Involvement of substance P in the development of cisplatin‐induced acute and delayed pica in rats

Background and Purpose Although substance P (SP) and neurokinin NK1 receptors have been reported to be involved in cisplatin‐induced acute and delayed emesis, their precise roles remain unclear. Pica, the consumption of non‐nutrient materials such as kaolin in rats, can be used as a model of nausea in humans. We investigated the time‐dependent changes in cisplatin‐induced pica and the involvement of SP and NK1 receptors in this behaviour. Experimental Approach Rats were administered cisplatin with or without a daily injection of a 5‐HT3 receptor antagonist (granisetron) or an NK1 receptor antagonist (aprepitant), and kaolin intake was then monitored for 5 days.

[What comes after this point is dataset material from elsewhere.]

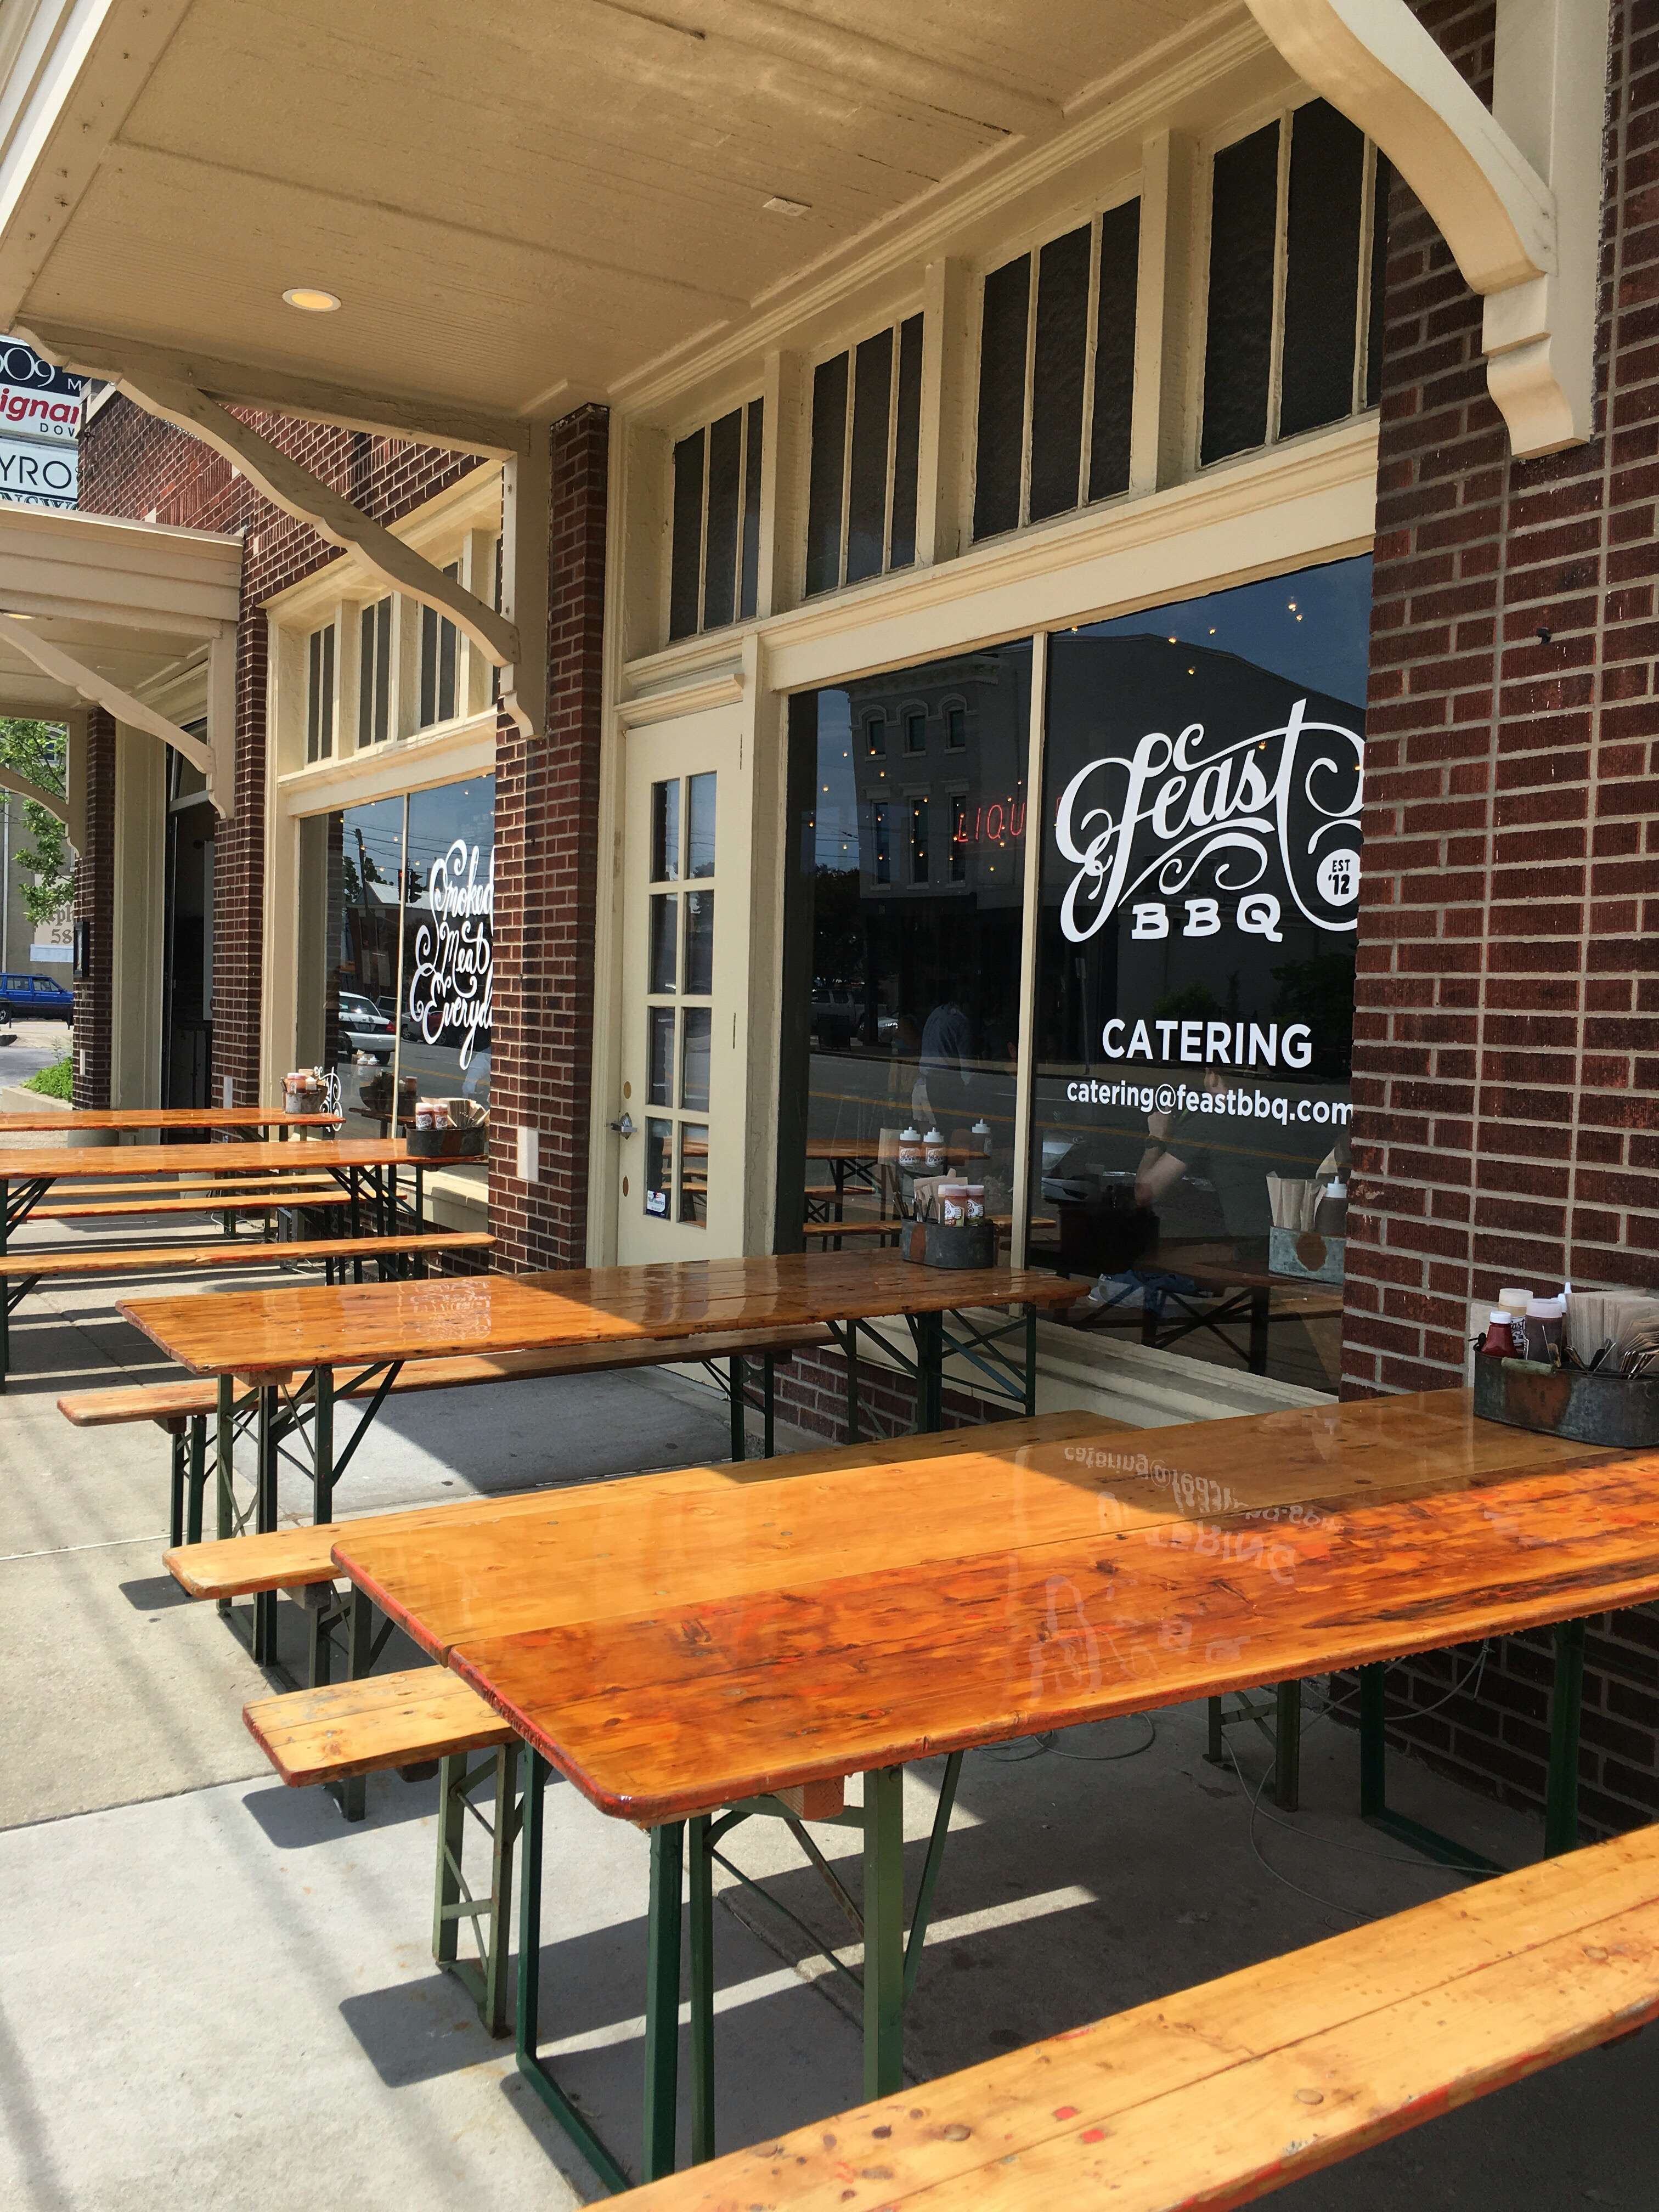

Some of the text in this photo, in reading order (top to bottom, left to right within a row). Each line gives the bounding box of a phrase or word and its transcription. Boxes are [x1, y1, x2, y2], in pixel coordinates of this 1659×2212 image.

The effects of granisetron on the cisplatin‐induced expression of preprotachykinin‐A (PPT‐A) mRNA, which encodes mainly for SP, and on SP release in the medulla, measured by in vivo brain microdialysis, were also investigated. Key Results Cisplatin induced pica within 8 h of its administration that continued for 5 days. Granisetron inhibited the acute phase (day 1), but not the delayed phase (days 2–5), of pica, whereas aprepitant abolished both phases. Within 24 h of the injection of cisplatin, PPT‐A mRNA expression and SP release in the medulla were significantly increased; these findings lasted during the observation period and were inhibited by granisetron for up to 24 h. Conclusions and Implications The profiles of cisplatin‐induced pica in rats are similar to clinical findings for cisplatin‐induced emesis in humans, and we showed that SP production in the medulla and activation of NK1 receptors are involved in this cisplatin‐induced pica.